Al fin después de batallar algunas semanas con los proveedores del servicio de hospedaje que utilizo, y de estar probando distintas configuraciones en el servidor, terminé la implementación de la reescritura de direcciones de la página, también llamado Url-Rewriting. Esto aplica tanto para aquí en el blog como para la página principal, permitiendo pasar de tener una detestable dirección como:
…/blog/index.php?p=6
A algo como:
…/blog/articulos/6
Lo que es muy valioso de este mecanismo de los servidores web es que proveen una herramienta que ayuda tanto a los usuarios como a los desarrolladores, aislándolos unos de los otros.

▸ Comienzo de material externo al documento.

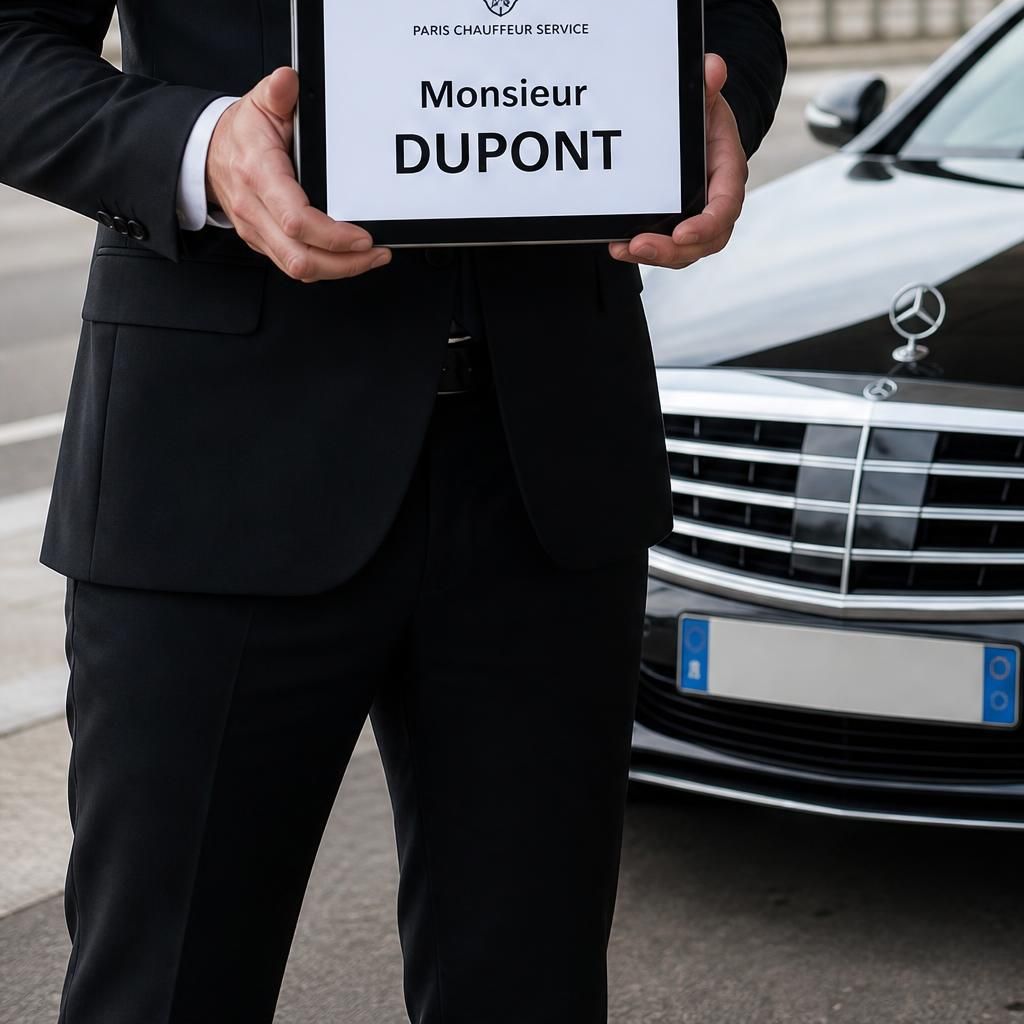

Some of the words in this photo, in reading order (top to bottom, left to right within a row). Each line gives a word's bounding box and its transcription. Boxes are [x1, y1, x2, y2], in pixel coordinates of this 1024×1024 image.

[413, 24, 450, 36] PARIS
[454, 24, 533, 36] CHAUFFEUR
[537, 23, 589, 35] SERVICE
[421, 78, 588, 109] Monsieur
[395, 129, 622, 175] DUPONT

Por un lado tenemos a los usuarios, que en lugar de encontrar en la dirección una gigantesca fila de caracteres incomprensibles pueden encontrar ahora una secuencia más descriptiva de palabras. De esta forma la dirección puede cumplir cumplir con todas las reglas de usabilidad propuestas por Jakob Nielsen:
- un nombre de dominio que es fácil de recordar y escribir
- URLs cortos
- URLs fáciles de escribir
- URLs que permiten ver la estructura del sitio
- URLs que son “hackeables”, permitiéndole al usuario moverse a niveles superiores de la estructura de información al cortar el final del URL
- URLs persistentes que no cambian
Del lado de los desarrolladores, en este mundo de contenidos altamente dinámicos quedó ya muy atrás las épocas donde era todavía posible tener y editar muchas páginas fijas. Debido a que ya casi cualquier página tiene que ser muy versátil, modificable, y mantenible, es necesario que detrás de la página se construyan una buena cantidad de mecanismos y programas que permitan dichas características. El choque se presenta en el hecho de que la estructura de estos mecanismos y programas muy probablemente no será muy acorde a la estructura que tendrá la página, mucho menos una estructura entendible por un usuario común. Generalmente muchos de los sistemas existentes para páginas web dinámicas se basan en una sola dirección que dependiendo de una serie de parámetros varia el contenido que regresa. Esto para el usuario termina significando la larga fila de caracteres incompresibles en la barra de dirección, invariablemente de si las páginas tienen cualquier relación entre si.
El mecanismo de reescritura funciona tomando la dirección que el usuario escribe en su navegador, e internamente transformándola a otra. Para el usuario es una operación completamente transparente ya que desde su perspectiva obtendrá exactamente el mismo resultado de una dirección reescrita que de una dirección que accede a un archivo directamente. Al desarrollador le permite estructurar su programa de la forma que mejor le parezca, contribuyendo a la calidad del programa en sí. Además de esto, el usuario queda completamente aislado de cualquier cambio que fuera a tener la estructura interna de la página, cualquier cambio interno puede ser reescrito a exactamente a la misma dirección que el usuario ya está acostumbrado a usar o esperar.
Actualmente Apache tiene un mecanismo muy sólido para reescritura de direcciones (que es de hecho el que se utiliza en esta página). Junto con este, y otras configuraciones similares, es posible eliminar páginas duplicadas (como por ejemplo “www.dominio.com”, y “www.dominio.com/index.html”) mejorando su catalogación dentro de los buscadores, corregir vulnerabilidades que una página puede tener mediante la dirección con la que se accede, e inclusive mejorar lo que sucede cuando aun con toda la serie de mejoras, alguien escribe la dirección mal.